Dear Fellow Amylin Shareholder:

        You have an important decision to make. You can elect a board whose management team has successfully developed and commercialized two products and is poised to deliver a potentially transformational drug—exenatide once weekly. Or you can elect individuals nominated by Carl Icahn and Eastbourne Capital Management, L.L.C. who offer no real strategy beyond cutting costs and selling the Company before you can realize the significant upside potential of exenatide once weekly. At Amylin's Annual Meeting of Stockholders on May 27, 2009, you will have the opportunity to secure the Company's future by electing all 12 of Amylin's nominees by voting the BLUE proxy card.

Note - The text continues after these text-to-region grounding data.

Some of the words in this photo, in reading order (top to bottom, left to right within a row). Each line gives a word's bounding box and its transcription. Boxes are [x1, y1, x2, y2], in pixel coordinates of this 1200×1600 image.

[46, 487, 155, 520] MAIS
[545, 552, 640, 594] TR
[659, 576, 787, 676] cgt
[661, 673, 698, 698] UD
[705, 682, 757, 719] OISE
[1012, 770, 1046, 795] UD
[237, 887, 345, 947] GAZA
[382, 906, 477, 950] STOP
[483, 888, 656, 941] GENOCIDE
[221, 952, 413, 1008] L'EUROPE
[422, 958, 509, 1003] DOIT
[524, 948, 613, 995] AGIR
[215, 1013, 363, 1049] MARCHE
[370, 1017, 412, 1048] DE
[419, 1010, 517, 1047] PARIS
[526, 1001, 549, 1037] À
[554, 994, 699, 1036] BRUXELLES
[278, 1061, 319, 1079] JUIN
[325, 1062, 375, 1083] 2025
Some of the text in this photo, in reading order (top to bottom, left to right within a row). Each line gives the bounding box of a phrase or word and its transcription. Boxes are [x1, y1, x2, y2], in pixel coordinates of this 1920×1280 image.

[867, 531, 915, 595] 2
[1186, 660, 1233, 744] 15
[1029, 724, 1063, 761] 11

YOUR BOARD OF DIRECTORS HAS PUT FORWARD A SLATE
OF HIGHLY-QUALIFIED NOMINEES

        Amylin's slate of Director nominees has:

    Extensive experience in biopharmaceuticals and diabetes

    Valuable sales and marketing expertise

    Significant depth across all functional areas

        In addition to the 10 current Directors standing for election, we are strengthening our Board by nominating two new Director nominees: Paul N. Clark, former Chairman, Chief Executive Officer and President of Icos Corporation, and Paulo F. Costa, former President and Chief Executive Officer of Novartis U.S. Corporation. Both bring additional commercial and operational expertise in the biopharmaceutical industry, which are key attributes requested by our shareholders.

        Therefore, we strongly urge you to vote the BLUE proxy card to elect your Board's nominees.

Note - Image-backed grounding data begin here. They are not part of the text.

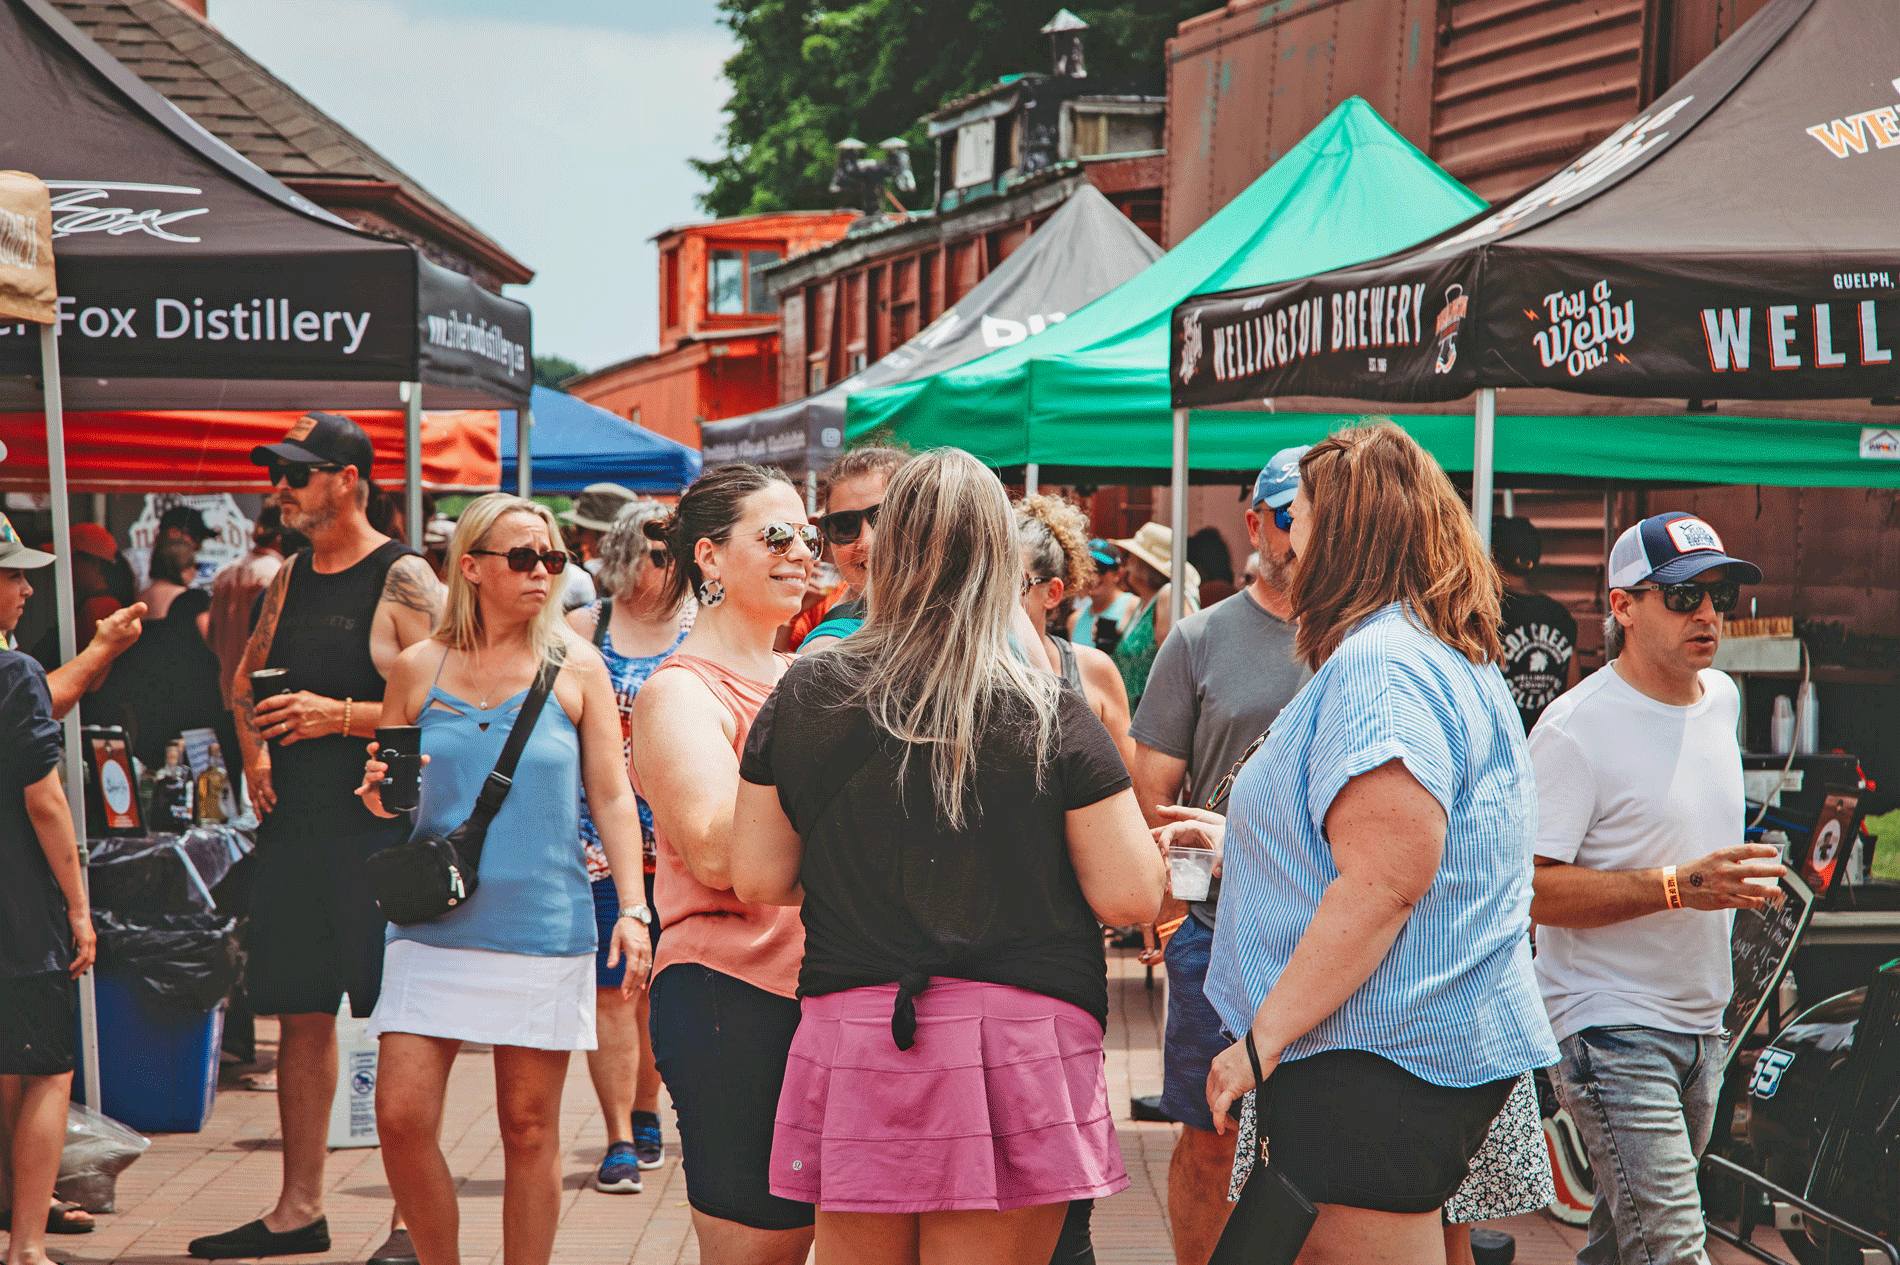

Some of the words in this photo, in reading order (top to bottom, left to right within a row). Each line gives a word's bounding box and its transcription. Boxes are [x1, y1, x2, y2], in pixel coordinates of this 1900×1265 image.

[1543, 289, 1586, 324] Try
[1592, 279, 1612, 303] a
[1832, 271, 1895, 290] GUELPH,
[56, 296, 137, 338] Fox
[156, 297, 372, 354] Distillery
[1212, 295, 1323, 383] WELLINGTON
[1330, 283, 1427, 352] BREWERY
[1532, 299, 1635, 368] Welly
[1700, 300, 1892, 373] WELL
[1567, 341, 1609, 377] On!

        If you have any questions or need any assistance voting your shares, please contact Innisfree M&A Incorporated, which is assisting the Company in this matter, toll-free at (877) 717-3926.

AMYLIN HAS TAKEN THE STEPS NECESSARY TO POSITION THE COMPANY
TO ACHIEVE SIGNIFICANT GROWTH

        Amylin has brought two new diabetes products to market, and our leading drug, BYETTA® (exenatide) injection, has been used by over one million people to treat their type 2 diabetes. The Company is now poised to capitalize on its market position with the highly anticipated launch of exenatide once weekly in 2010.

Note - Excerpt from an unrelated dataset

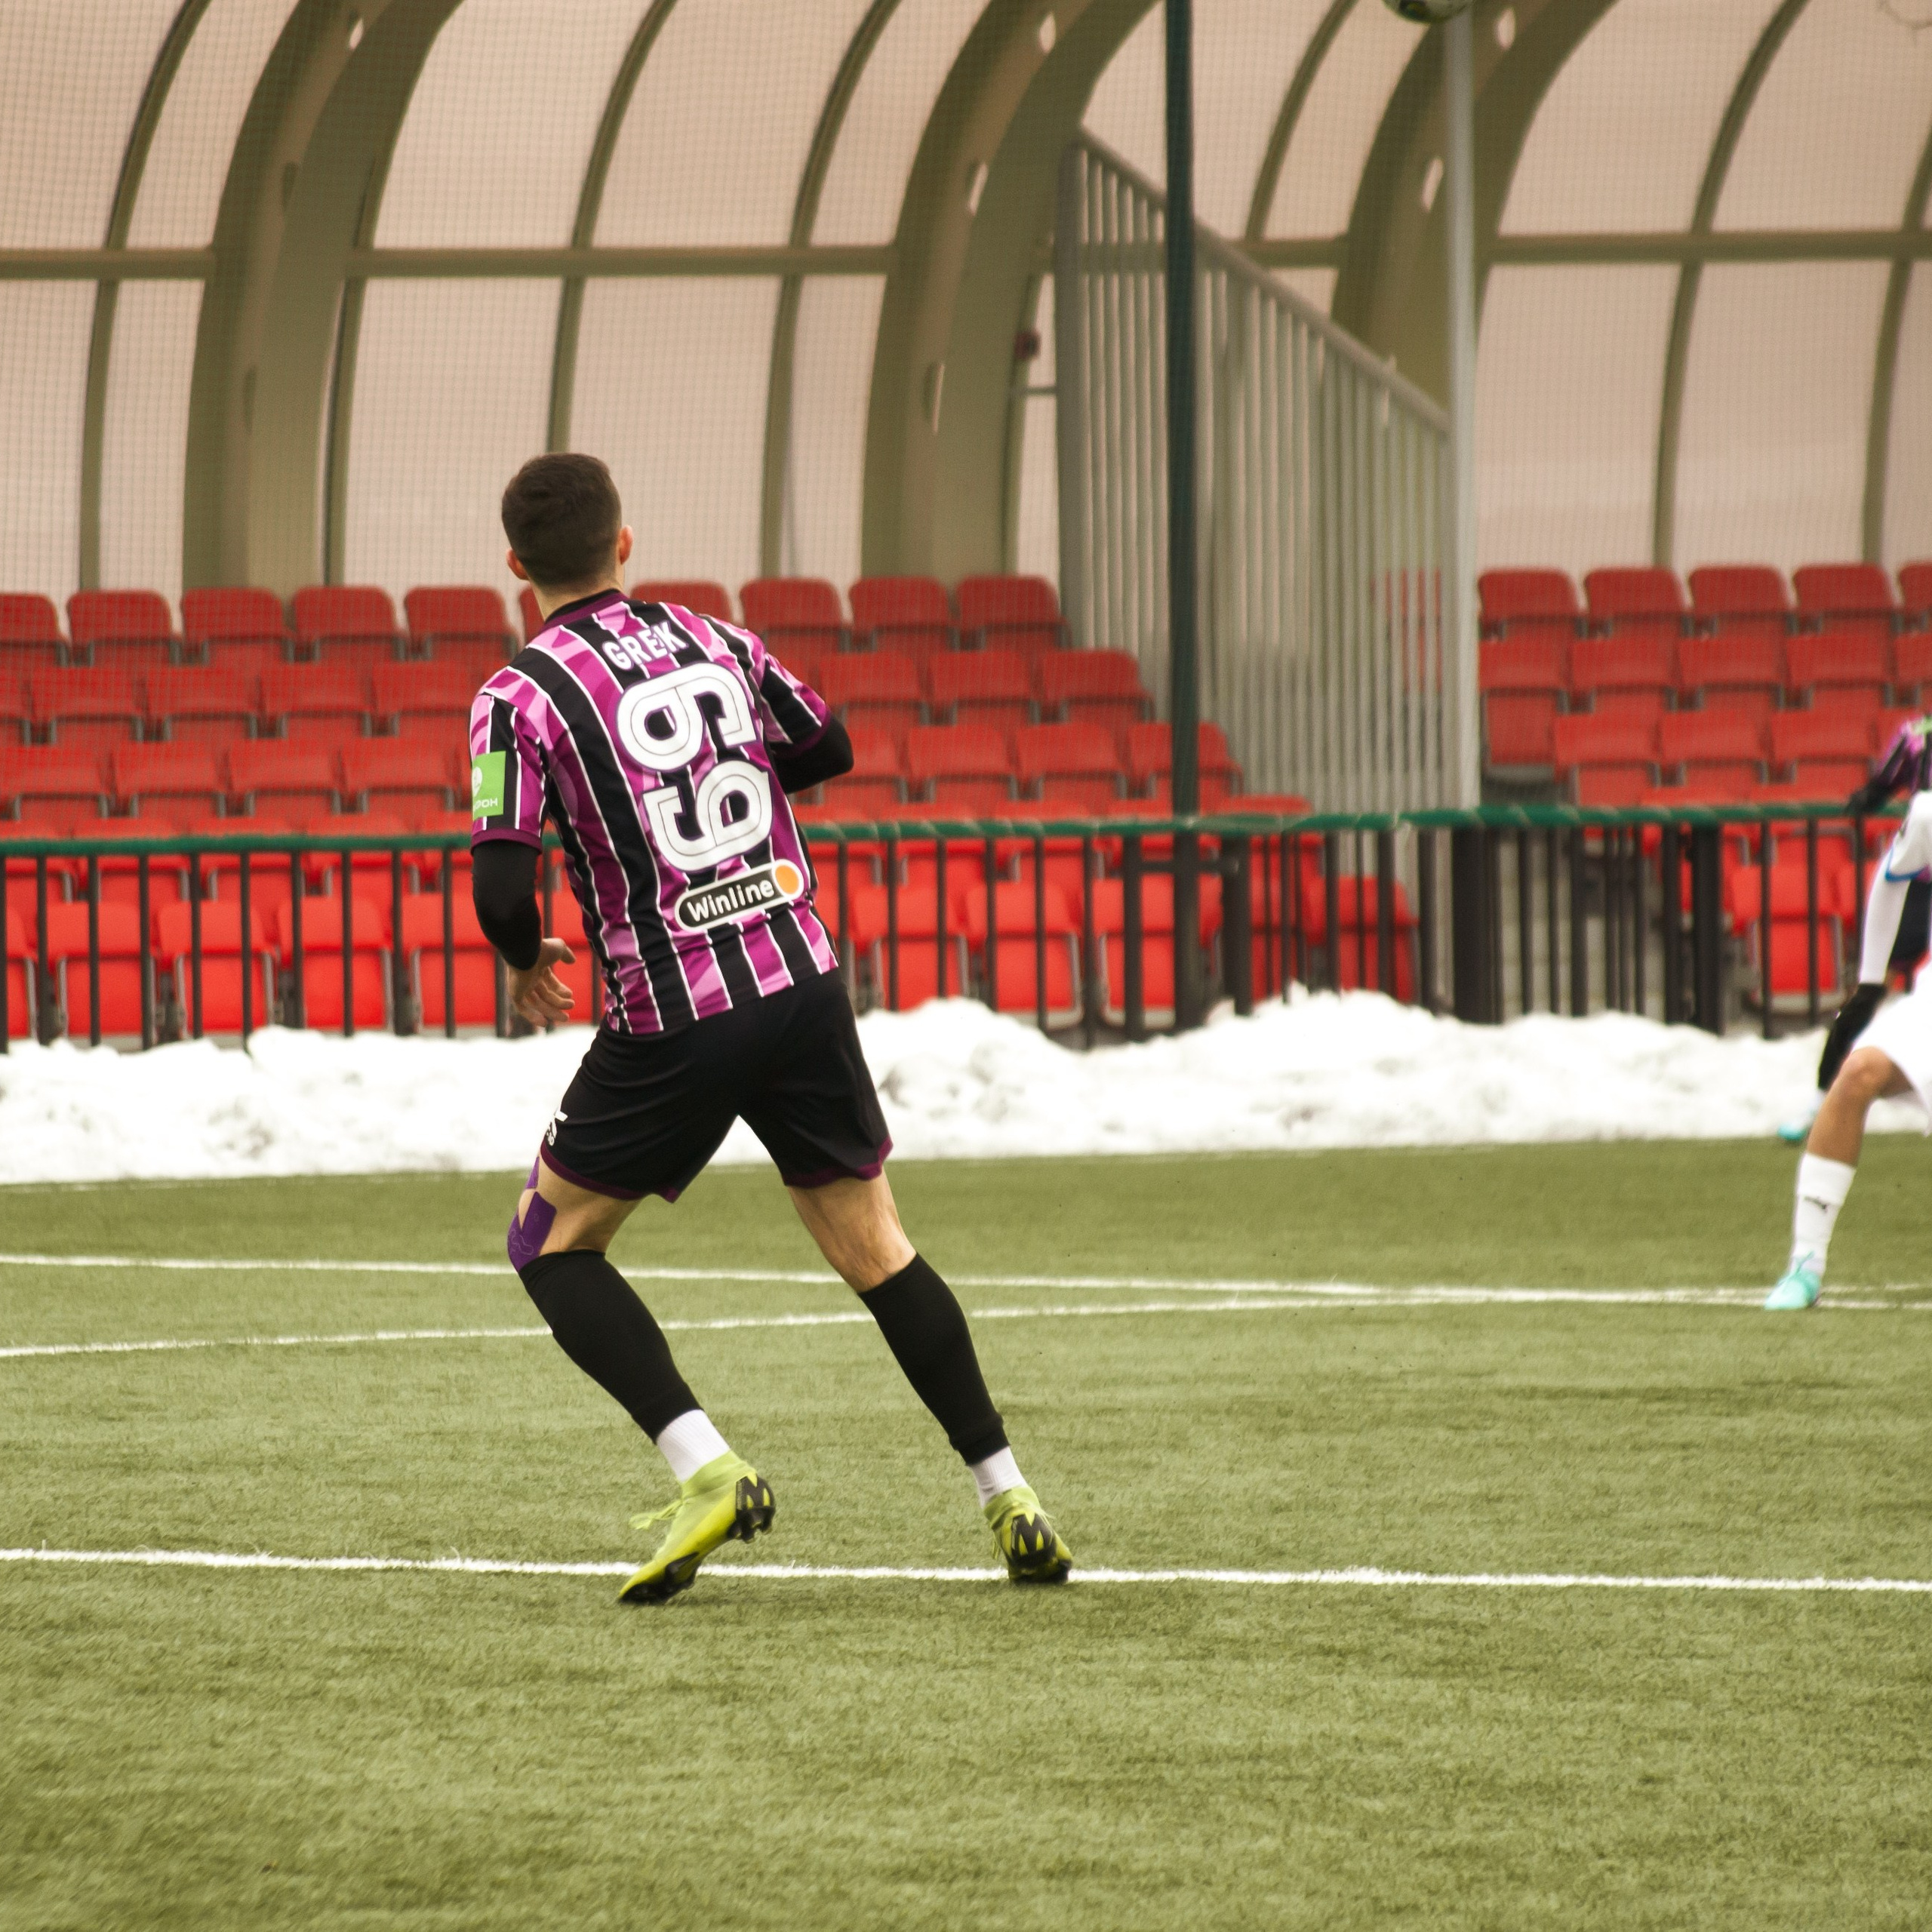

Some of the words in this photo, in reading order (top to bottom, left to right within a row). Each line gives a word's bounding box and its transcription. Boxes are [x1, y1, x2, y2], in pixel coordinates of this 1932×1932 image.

        Let us explain why we are so excited about exenatide once weekly and its significant potential to enhance the value of your investment in Amylin.

        There is no drug on the market like exenatide once weekly. If approved by the FDA, exenatide once weekly will be the first once-a-week treatment for type 2 diabetes, a disease that affects over 20 million Americans. We have already completed the necessary work to submit our New Drug Application for exenatide once weekly and will do so later this quarter.

        In preparation for our commercial marketing of exenatide once weekly, we recently announced a new program, "ExenatideOne," with our partner, Eli Lilly and Company. ExenatideOne integrates the marketing, medical and development aspects of launching exenatide once weekly. This program will enable us to more efficiently market exenatide and improve our bottom line.


        In addition, we recently hired Vincent Mihalik as Chief Commercial Officer, an experienced leader who has brought many biopharmaceutical products to market in his 30 years in the industry. He is well-qualified to oversee the growth of BYETTA and SYMLIN® (pramlintide acetate) injection and successfully commercialize exenatide once weekly.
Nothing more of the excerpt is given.